• **TASK PROMPT**
Set down every entry again word for word, please, but skip the pictures.

Stored data entries
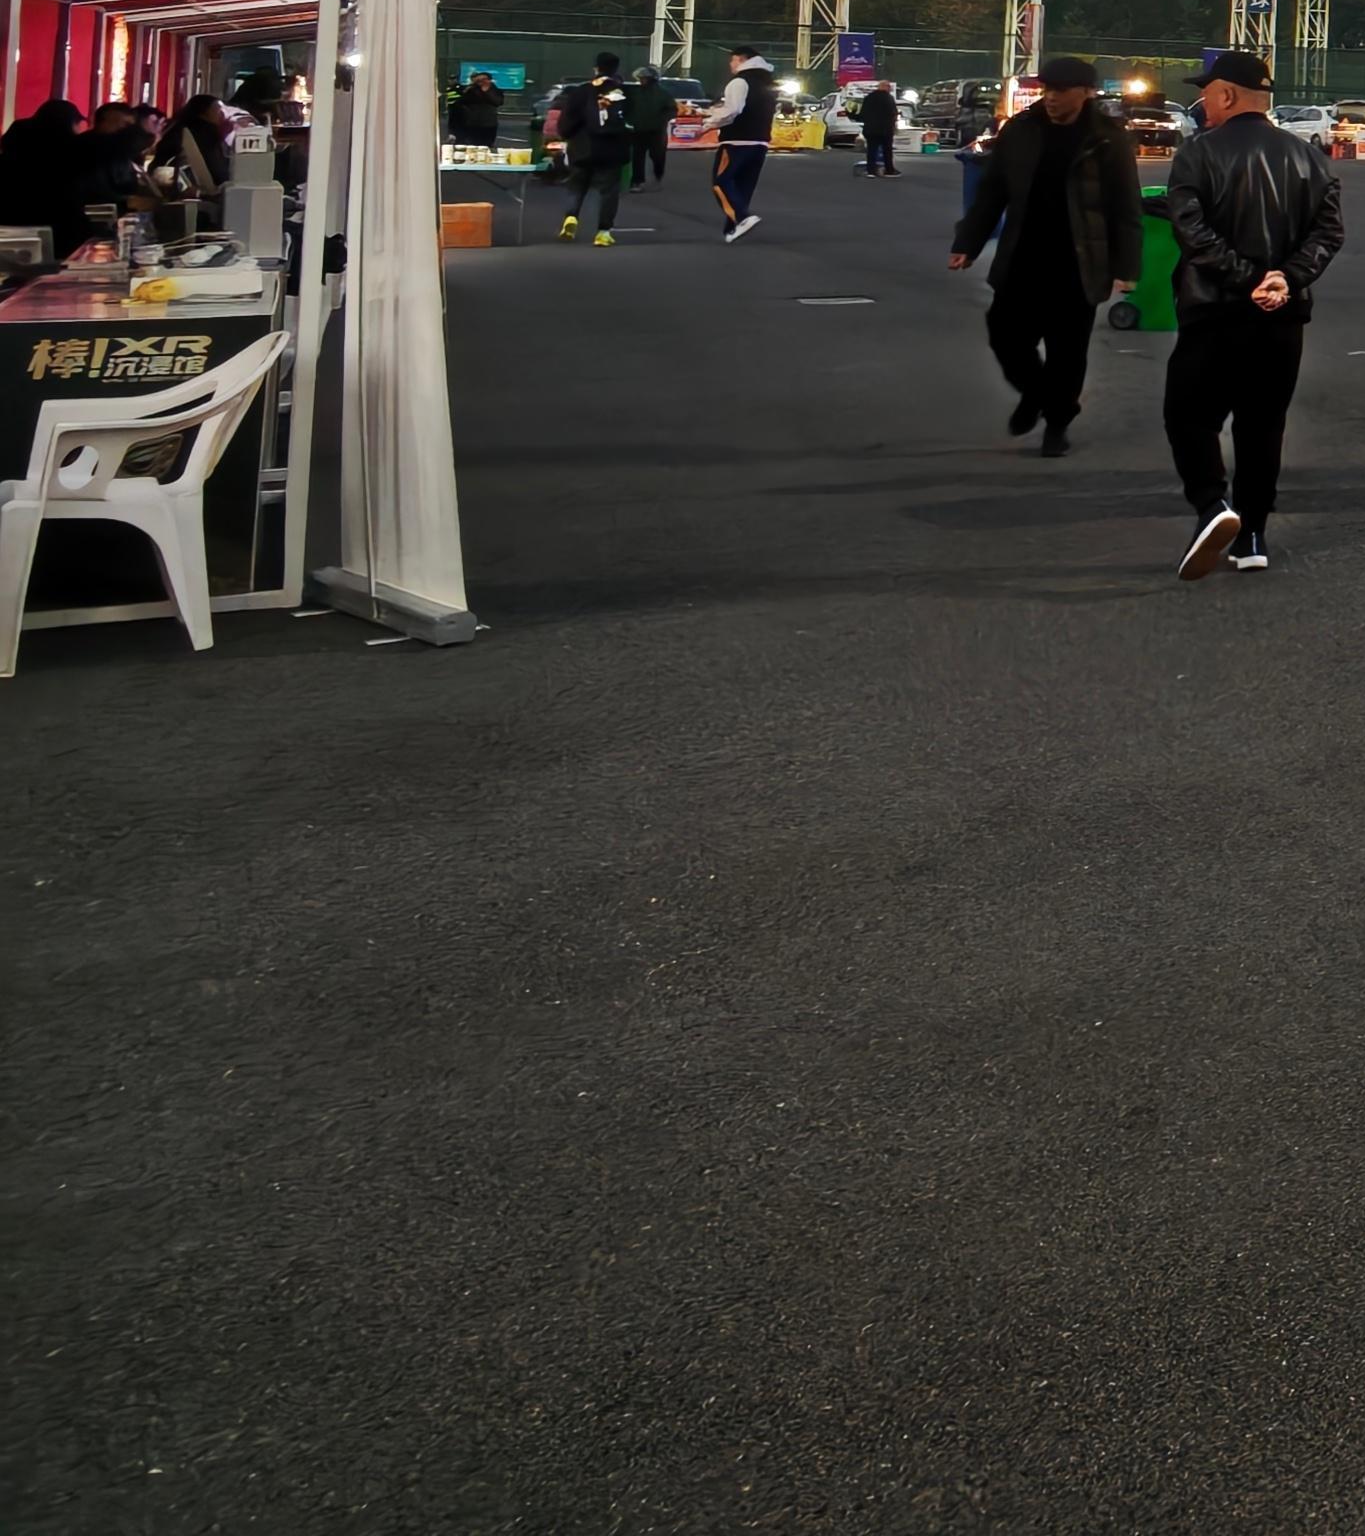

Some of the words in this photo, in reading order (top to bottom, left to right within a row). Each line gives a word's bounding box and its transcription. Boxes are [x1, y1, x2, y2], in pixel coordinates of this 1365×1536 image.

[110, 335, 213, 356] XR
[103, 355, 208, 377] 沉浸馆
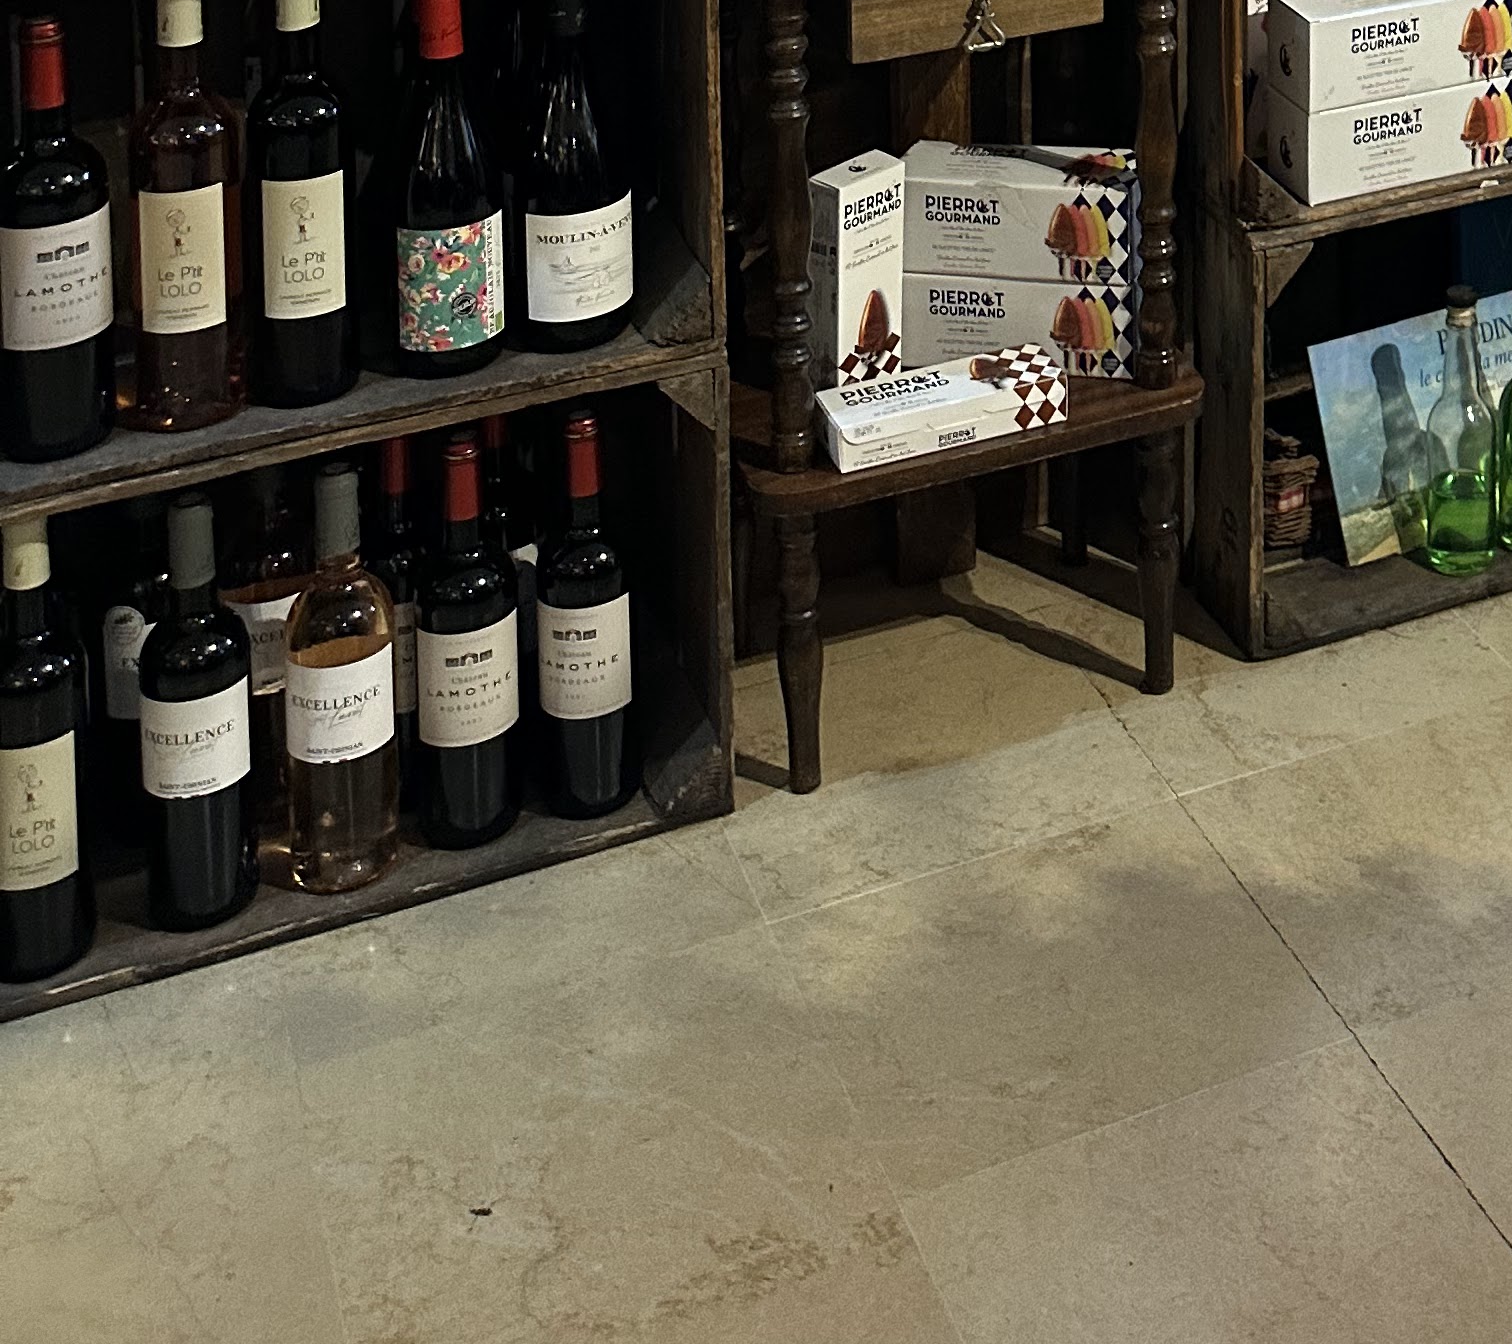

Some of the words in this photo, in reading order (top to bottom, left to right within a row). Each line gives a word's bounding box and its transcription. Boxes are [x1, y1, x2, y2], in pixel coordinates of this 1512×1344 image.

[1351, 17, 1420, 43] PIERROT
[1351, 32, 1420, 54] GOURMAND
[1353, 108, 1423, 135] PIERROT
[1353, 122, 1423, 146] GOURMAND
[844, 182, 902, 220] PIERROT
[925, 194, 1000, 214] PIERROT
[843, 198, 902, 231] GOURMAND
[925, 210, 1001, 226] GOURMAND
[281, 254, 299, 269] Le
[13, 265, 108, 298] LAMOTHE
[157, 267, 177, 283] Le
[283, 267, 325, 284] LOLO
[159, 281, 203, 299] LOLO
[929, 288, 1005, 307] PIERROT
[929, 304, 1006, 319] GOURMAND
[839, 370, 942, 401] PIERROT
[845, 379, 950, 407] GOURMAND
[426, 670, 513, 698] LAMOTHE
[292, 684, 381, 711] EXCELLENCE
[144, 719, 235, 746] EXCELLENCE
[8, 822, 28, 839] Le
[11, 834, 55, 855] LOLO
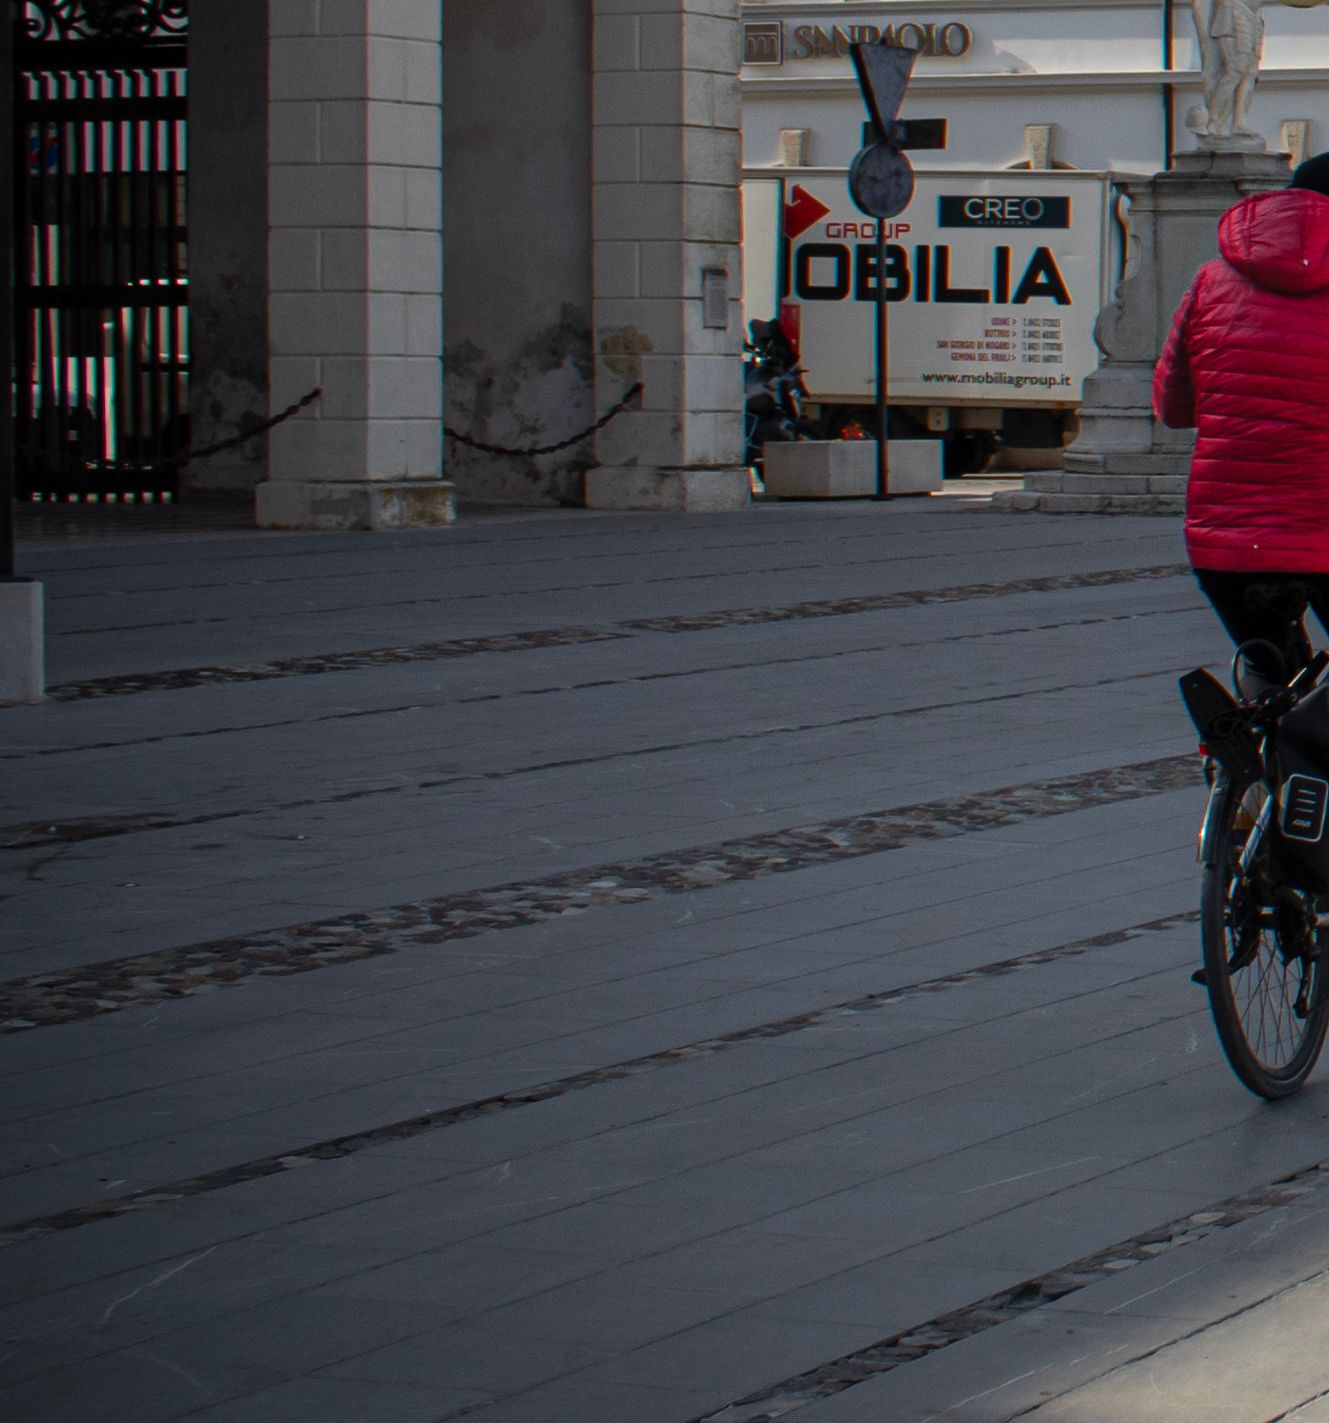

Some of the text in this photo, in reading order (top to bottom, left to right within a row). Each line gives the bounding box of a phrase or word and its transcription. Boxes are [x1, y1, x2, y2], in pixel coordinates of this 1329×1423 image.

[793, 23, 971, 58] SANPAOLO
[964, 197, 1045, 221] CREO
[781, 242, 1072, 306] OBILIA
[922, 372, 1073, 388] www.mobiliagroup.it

• **OUTPUT OF THE EXERCISE**
Some of the words in this photo, in reading order (top to bottom, left to right within a row). Each line gives a word's bounding box and its transcription. Boxes are [x1, y1, x2, y2], in pixel coordinates of this 1365×1536 image.

[110, 335, 213, 356] XR
[103, 355, 208, 377] 沉浸馆

Some of the words in this photo, in reading order (top to bottom, left to right within a row). Each line gives a word's bounding box and its transcription. Boxes are [x1, y1, x2, y2], in pixel coordinates of this 1512×1344 image.

[1351, 17, 1420, 43] PIERROT
[1351, 32, 1420, 54] GOURMAND
[1353, 108, 1423, 135] PIERROT
[1353, 122, 1423, 146] GOURMAND
[844, 182, 902, 220] PIERROT
[925, 194, 1000, 214] PIERROT
[843, 198, 902, 231] GOURMAND
[925, 210, 1001, 226] GOURMAND
[281, 254, 299, 269] Le
[13, 265, 108, 298] LAMOTHE
[157, 267, 177, 283] Le
[283, 267, 325, 284] LOLO
[159, 281, 203, 299] LOLO
[929, 288, 1005, 307] PIERROT
[929, 304, 1006, 319] GOURMAND
[839, 370, 942, 401] PIERROT
[845, 379, 950, 407] GOURMAND
[426, 670, 513, 698] LAMOTHE
[292, 684, 381, 711] EXCELLENCE
[144, 719, 235, 746] EXCELLENCE
[8, 822, 28, 839] Le
[11, 834, 55, 855] LOLO

Some of the text in this photo, in reading order (top to bottom, left to right within a row). Each line gives the bounding box of a phrase or word and its transcription. Boxes are [x1, y1, x2, y2], in pixel coordinates of this 1329×1423 image.

[793, 23, 971, 58] SANPAOLO
[964, 197, 1045, 221] CREO
[781, 242, 1072, 306] OBILIA
[922, 372, 1073, 388] www.mobiliagroup.it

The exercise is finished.